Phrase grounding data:
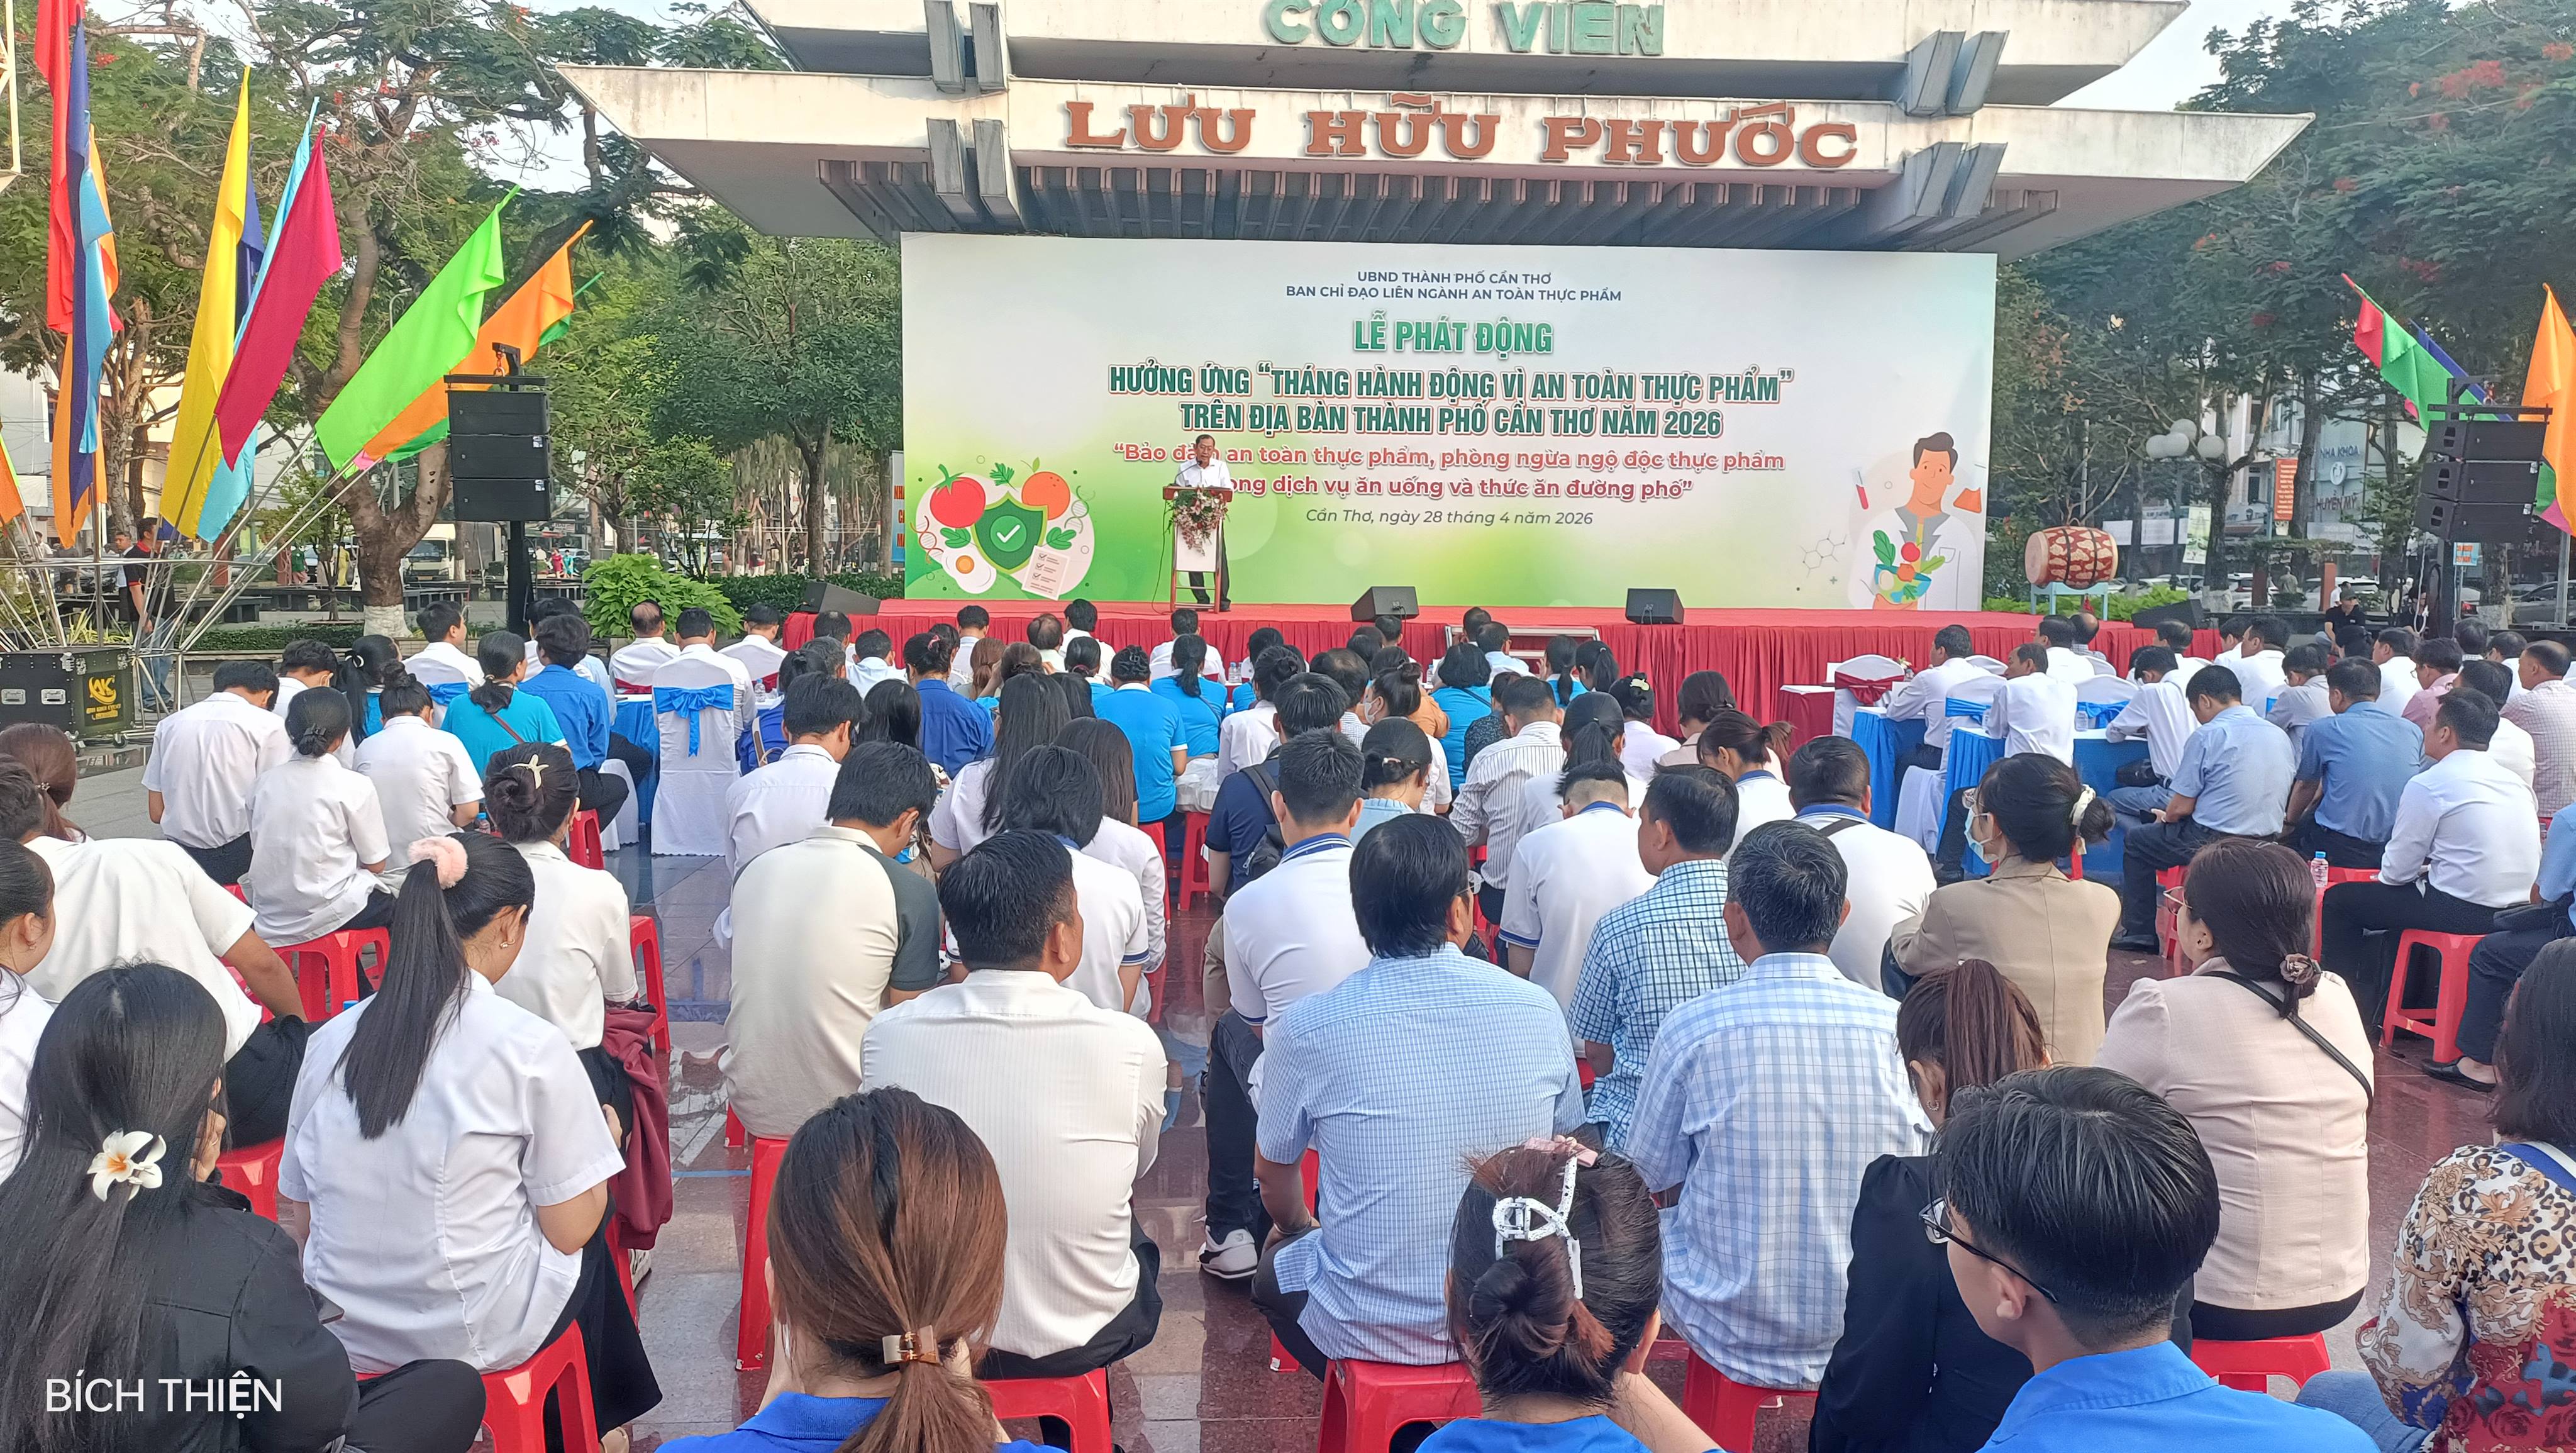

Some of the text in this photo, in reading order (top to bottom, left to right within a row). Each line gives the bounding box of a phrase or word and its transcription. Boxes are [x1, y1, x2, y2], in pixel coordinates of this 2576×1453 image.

[1065, 92, 1857, 167] LƯU HỮU PHƯỚC
[1357, 269, 1552, 285] UBND THÀNH PHỐ CẦN THƠ
[1286, 283, 1622, 303] BAN CHỈ ĐẠO LIÊN NGÀNH AN TOÀN THỰC PHẨM
[1353, 309, 1553, 359] LỄ PHÁT ĐỘNG
[1109, 359, 1792, 406] HƯỞNG ỨNG “THÁNG HÀNH ĐỘNG VÌ AN TOÀN THỰC PHẨM”
[1180, 398, 1723, 436] TRÊN ĐỊA BÀN THÀNH PHỐ CẦN THƠ NĂM 2026
[1113, 442, 1166, 461] “Bảo
[1227, 448, 1253, 461] an
[1259, 444, 1307, 462] toàn
[1313, 447, 1363, 469] thực
[1368, 444, 1435, 468] phẩm,
[1441, 448, 1510, 470] phòng
[1516, 450, 1570, 470] ngừa
[1577, 451, 1619, 472] ngộ
[1624, 450, 1663, 471] độc
[1668, 452, 1719, 473] thực
[1723, 448, 1784, 472] phẩm
[1272, 475, 1318, 494] dịch
[1323, 480, 1350, 495] vụ
[1355, 476, 1382, 493] ăn
[1389, 473, 1444, 498] uống
[1449, 479, 1474, 495] và
[1479, 479, 1530, 496] thức
[1533, 480, 1560, 496] ăn
[1566, 479, 1635, 500] đường
[1640, 480, 1692, 501] phố”
[1306, 509, 1593, 526] Cần Thơ, ngày 28 tháng 4 năm 2026
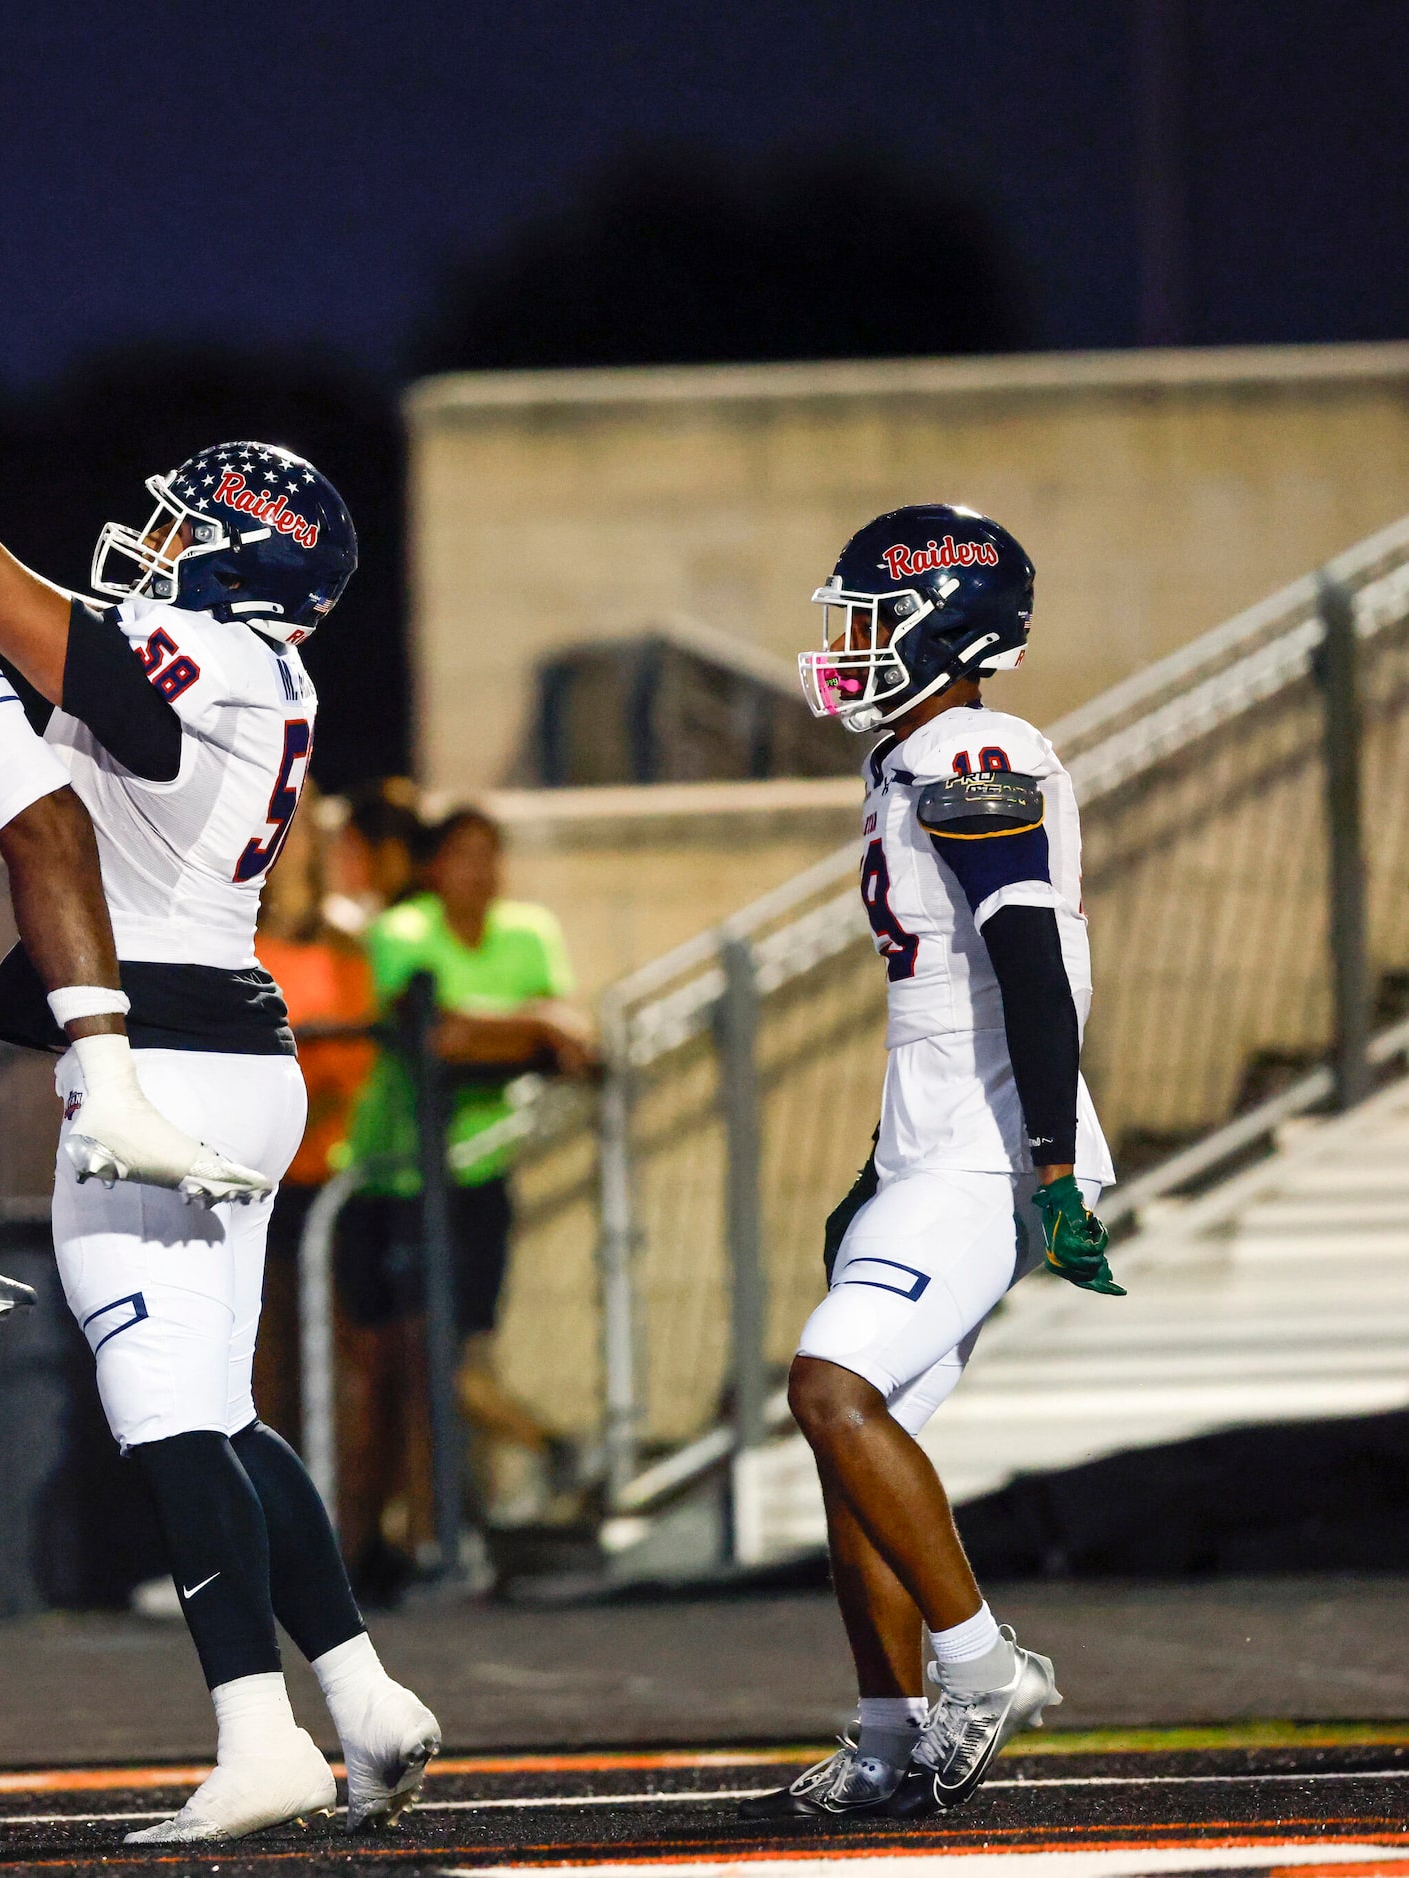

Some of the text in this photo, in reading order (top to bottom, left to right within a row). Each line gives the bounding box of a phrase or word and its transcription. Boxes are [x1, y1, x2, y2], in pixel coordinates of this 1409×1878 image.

[213, 471, 319, 549] Raiders
[883, 534, 999, 580] Raiders
[133, 626, 201, 703] 58
[232, 717, 315, 882] 5

§ **What to produce**:
Every entry above should be given again exactly, with no images included.

§ **Answer below**:
Some of the text in this photo, in reading order (top to bottom, left to right within a row). Each line gives the bounding box of a phrase or word and its transcription. Boxes are [x1, y1, x2, y2], in pixel coordinates of this 2576×1453 image.

[1065, 92, 1857, 167] LƯU HỮU PHƯỚC
[1357, 269, 1552, 285] UBND THÀNH PHỐ CẦN THƠ
[1286, 283, 1622, 303] BAN CHỈ ĐẠO LIÊN NGÀNH AN TOÀN THỰC PHẨM
[1353, 309, 1553, 359] LỄ PHÁT ĐỘNG
[1109, 359, 1792, 406] HƯỞNG ỨNG “THÁNG HÀNH ĐỘNG VÌ AN TOÀN THỰC PHẨM”
[1180, 398, 1723, 436] TRÊN ĐỊA BÀN THÀNH PHỐ CẦN THƠ NĂM 2026
[1113, 442, 1166, 461] “Bảo
[1227, 448, 1253, 461] an
[1259, 444, 1307, 462] toàn
[1313, 447, 1363, 469] thực
[1368, 444, 1435, 468] phẩm,
[1441, 448, 1510, 470] phòng
[1516, 450, 1570, 470] ngừa
[1577, 451, 1619, 472] ngộ
[1624, 450, 1663, 471] độc
[1668, 452, 1719, 473] thực
[1723, 448, 1784, 472] phẩm
[1272, 475, 1318, 494] dịch
[1323, 480, 1350, 495] vụ
[1355, 476, 1382, 493] ăn
[1389, 473, 1444, 498] uống
[1449, 479, 1474, 495] và
[1479, 479, 1530, 496] thức
[1533, 480, 1560, 496] ăn
[1566, 479, 1635, 500] đường
[1640, 480, 1692, 501] phố”
[1306, 509, 1593, 526] Cần Thơ, ngày 28 tháng 4 năm 2026

Some of the text in this photo, in reading order (top to bottom, left to right within a row). Each line gives the bounding box of a phrase or word and its transcription. Boxes are [x1, y1, x2, y2], in pixel coordinates of this 1409×1878 image.

[213, 471, 319, 549] Raiders
[883, 534, 999, 580] Raiders
[133, 626, 201, 703] 58
[232, 717, 315, 882] 5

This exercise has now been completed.